# Thread: equation of normal problem

1. ## equation of normal problem

The gradient function of a curve is $\displaystyle kx^2-x,$ where $\displaystyle k$ is constant.The equation of the normal to the curve at point $\displaystyle (1,-2)$ is $\displaystyle 5y+x=7$..

a)Find the value of $\displaystyle k$

b)the equation of the curve.

2. The normal is

$\displaystyle 5y + x = 7$

$\displaystyle y = -\frac{1}{5}x + \frac{7}{5}$.

Therefore, the gradient of the tangent will be $\displaystyle 5$, since the tangent and normal are perpendicular.

So the gradient function at the point $\displaystyle (1, -2)$ has a value of $\displaystyle 5$.

Substituting into the derivative gives

$\displaystyle k(1)^2 - 1 = 5$

$\displaystyle k - 1 = 5$

$\displaystyle k = 6$.

Now that you know $\displaystyle k$, you know

$\displaystyle \frac{dy}{dx} = 6x^2 - x$

$\displaystyle y = \int{6x^2 - x\,dx}$

$\displaystyle y = 2x^3 - \frac{x^2}{2} + C$.
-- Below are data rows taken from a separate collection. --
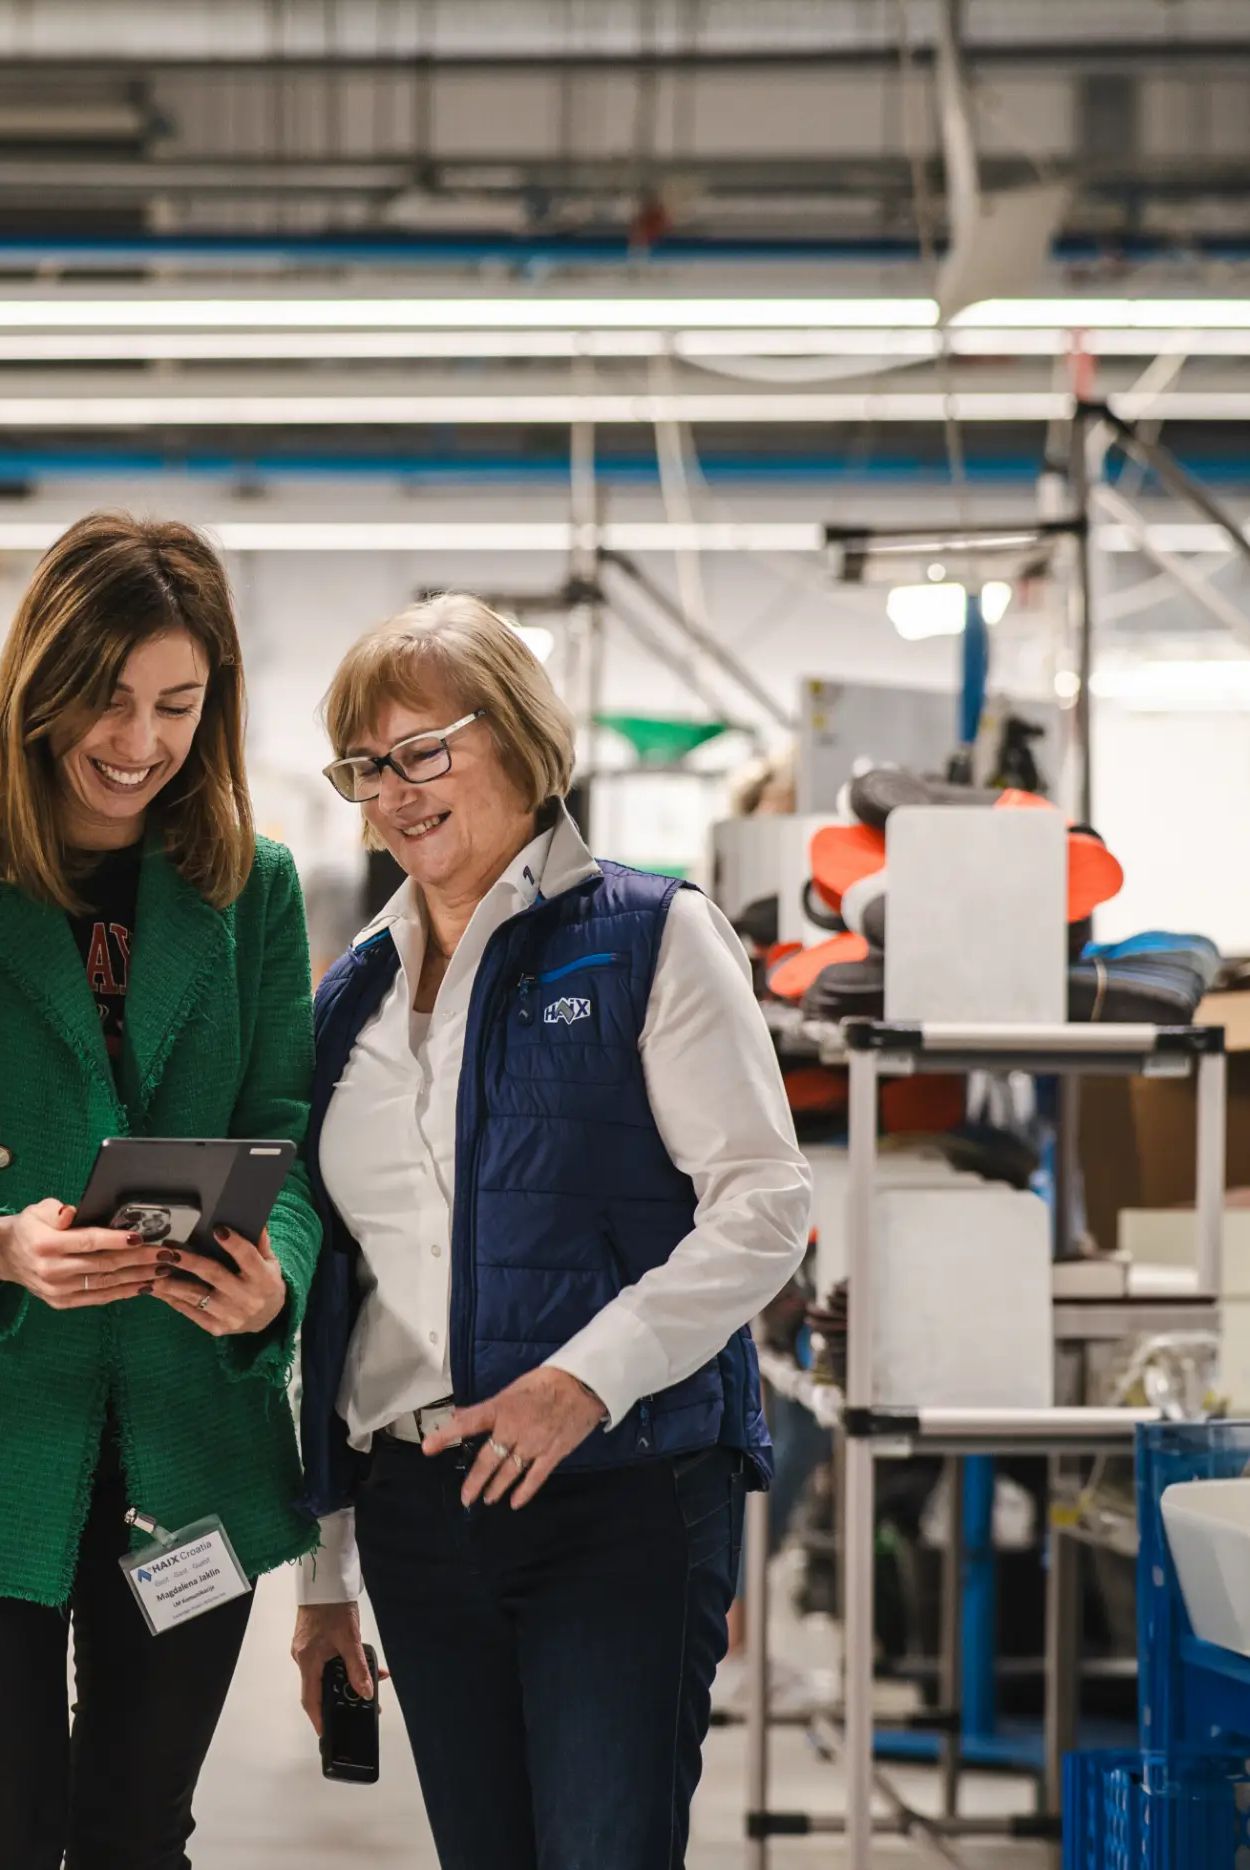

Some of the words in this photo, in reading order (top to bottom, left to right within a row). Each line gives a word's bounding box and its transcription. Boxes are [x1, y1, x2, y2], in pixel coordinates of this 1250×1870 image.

[151, 1555, 180, 1573] HAIX
[180, 1541, 212, 1560] Croatia
[156, 1579, 198, 1601] Magdalena
[198, 1568, 220, 1582] Jaklin
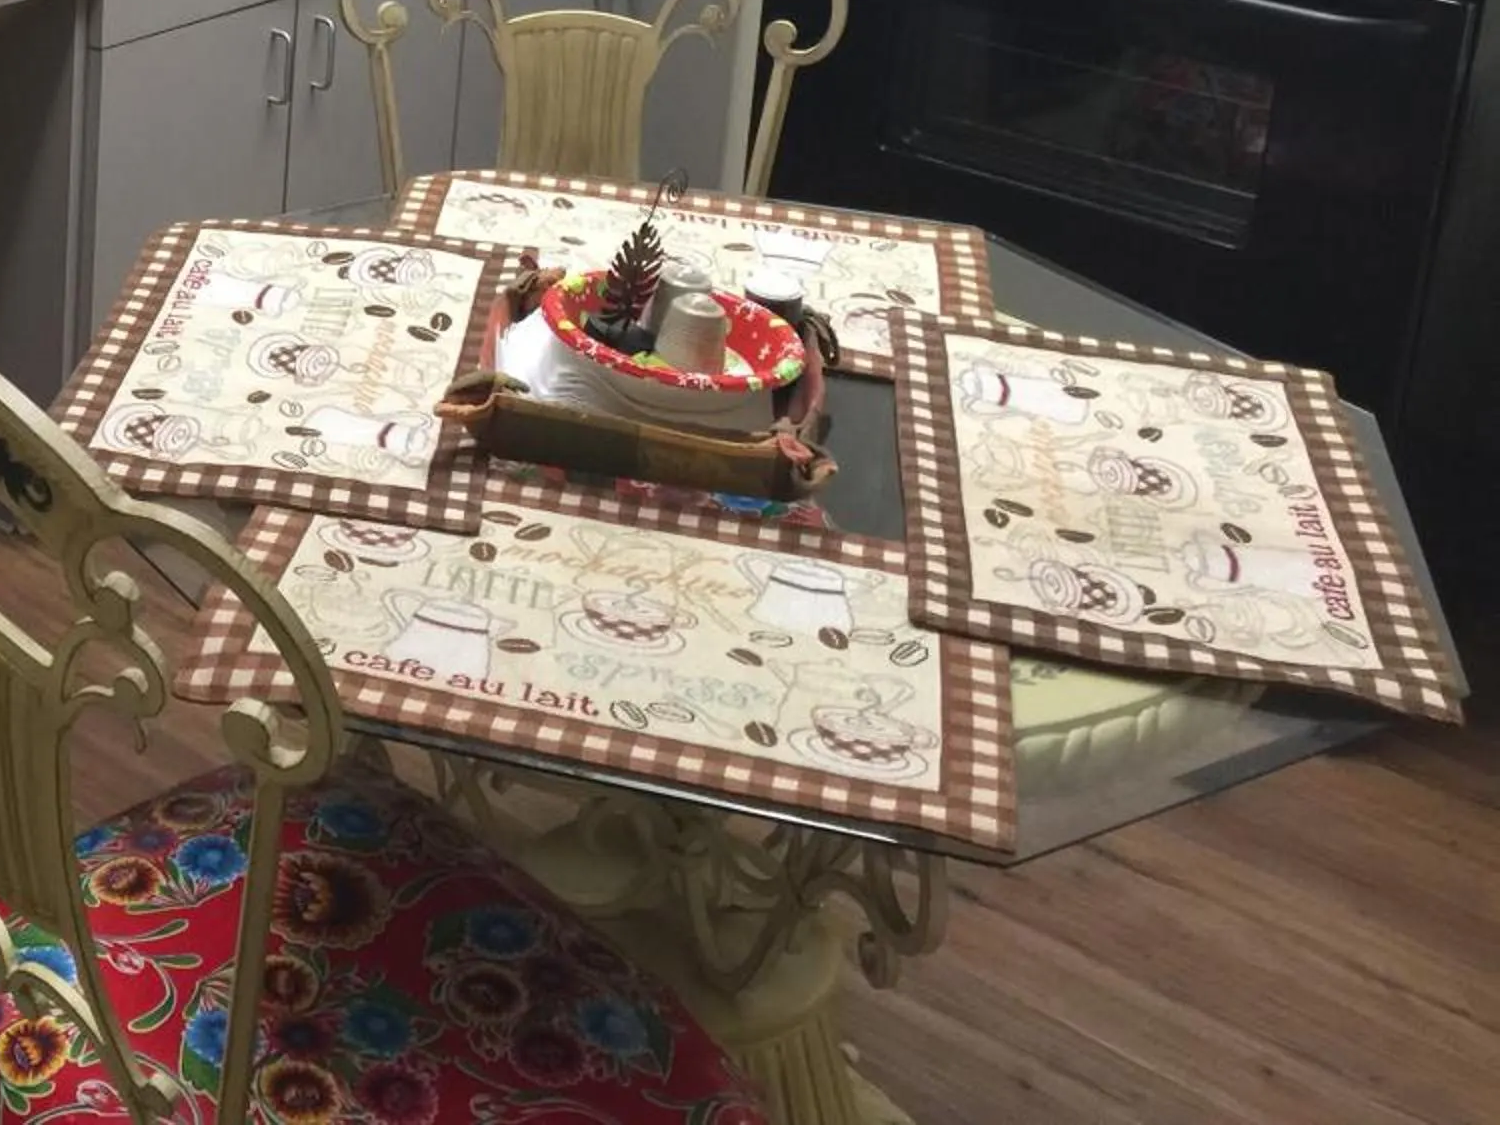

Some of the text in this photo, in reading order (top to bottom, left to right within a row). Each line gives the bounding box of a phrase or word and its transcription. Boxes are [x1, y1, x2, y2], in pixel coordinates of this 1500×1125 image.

Since $\displaystyle (1, -2)$ lies on this curve

$\displaystyle -2 = 2(1)^3 - \frac{1^2}{2} + C$

$\displaystyle -2 = 2 - \frac{1}{2} + C$

$\displaystyle -\frac{4}{2} = \frac{3}{2} + C$

$\displaystyle -\frac{7}{2} = C$.

Thus the equation of the curve is $\displaystyle y = 2x^3 - \frac{x^2}{2} - \frac{7}{2}$.